By eleven o’clock they had the pile of scrap reduced to nothing but a few odds and ends on the ground and the large cable reel by the wagon. Jodie was raking the dirt and telling Will about a birthday party she’d been at the previous weekend.
“And then Bailey said that Dylan asked her first. But Chandra said that wasn’t true.”
“What’s Dylan saying?” Will asked.
“Dylan’s not saying anything. You know what boys are like. They don’t say nothing if they can get away with it.”
“I’ve heard that.”
Jodie tossed a coffee can on the wagon. “And I’m not even telling you what Jeremy did.”
“Who’s Jeremy?”
“Jeremy is Bailey’s brother. He’s older than her but he acts younger. He can be a real brat, especially if he’s with Teddy because Teddy likes to stir the pot, or at least that’s what Bailey’s mother says.”
“All these characters, I’m going to need a scorecard pretty soon,” Will said. He put his shoulder against the cable reel and began to lift.

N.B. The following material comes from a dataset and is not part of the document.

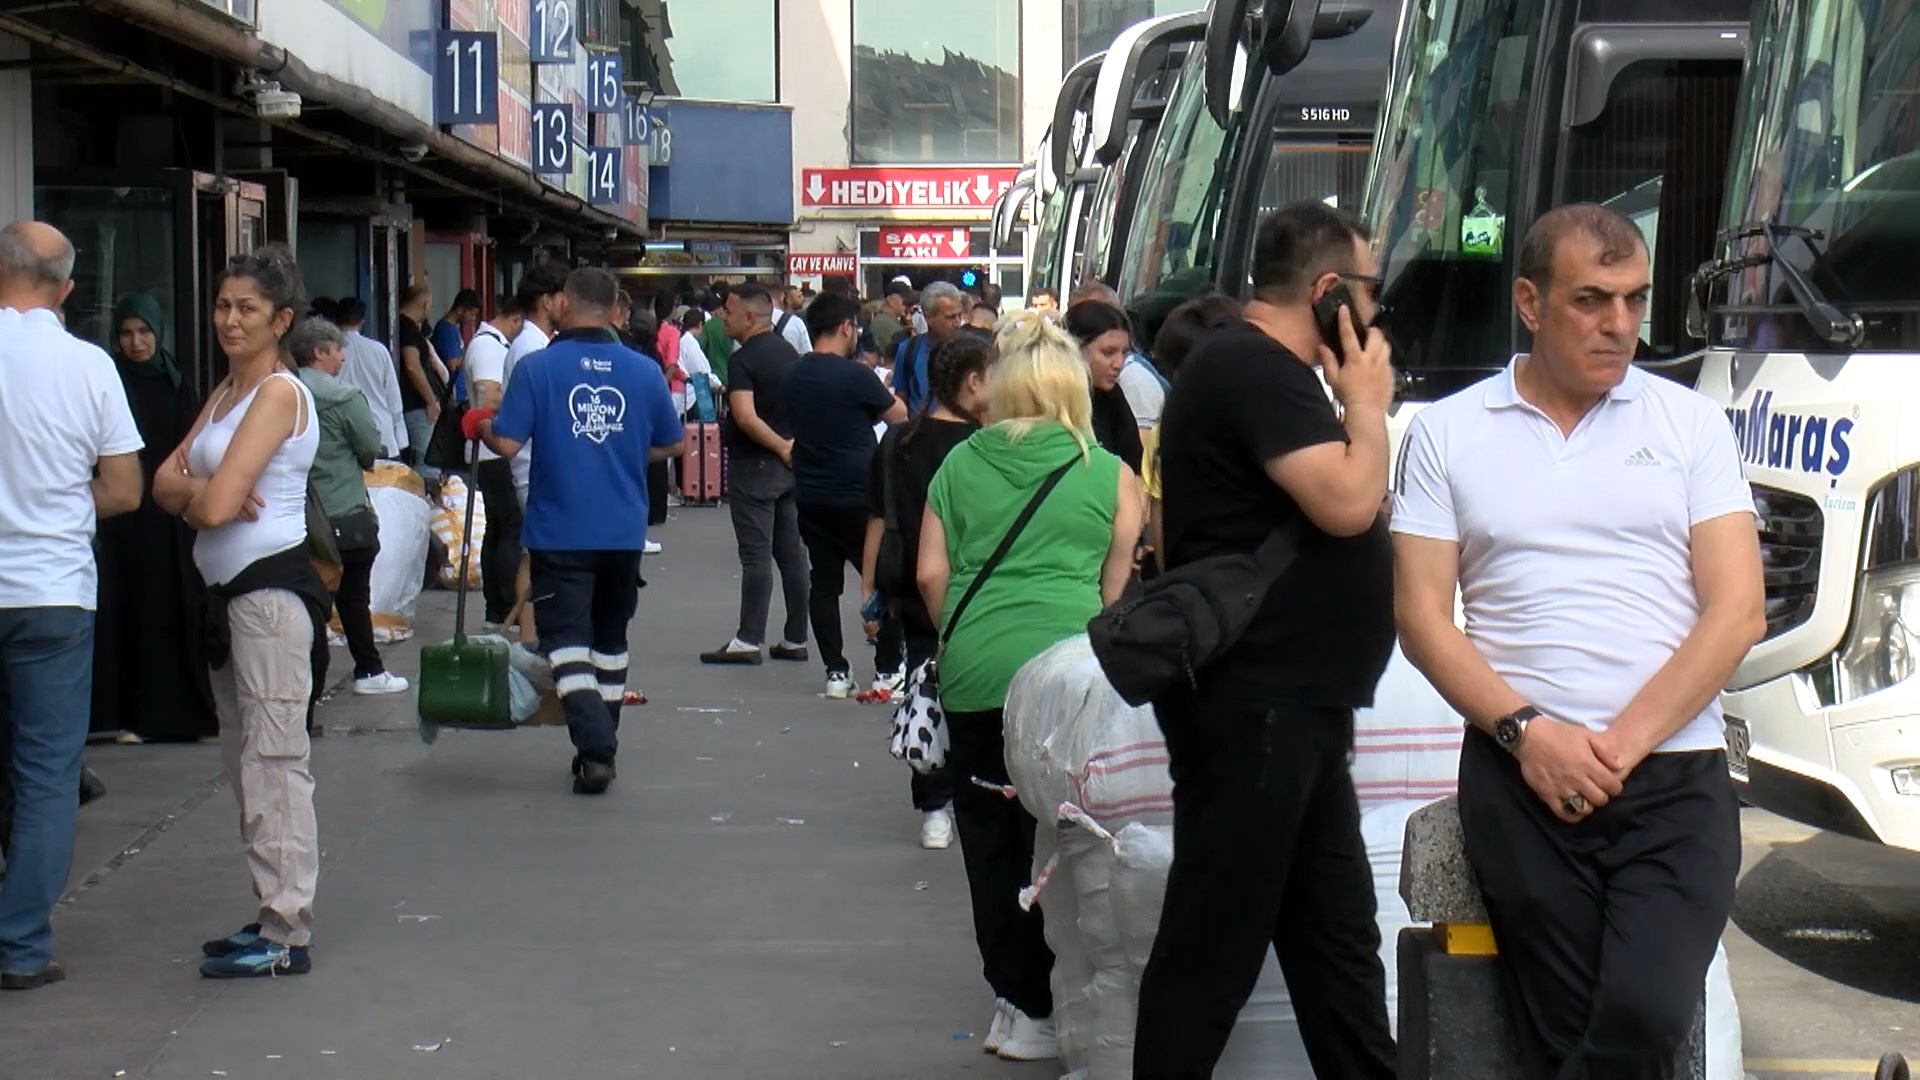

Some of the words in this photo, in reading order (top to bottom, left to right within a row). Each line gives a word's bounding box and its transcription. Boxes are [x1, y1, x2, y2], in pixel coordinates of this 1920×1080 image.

“Melissa says that Bailey is just lying,” Jodie said as she continued to rake, gathering the last of the wood splinters and wire into a pile.
Now Will lifted the reel, got his legs under it, and heaved it onto the wagon. As he did, he released a sudden moan. Jodie looked over just as he fell backward to the ground. His right hand was pressed to his chest and he was gasping as if he couldn’t catch his breath. His eyes were wide open, looking at the bright cloudless sky that had tormented him these past weeks.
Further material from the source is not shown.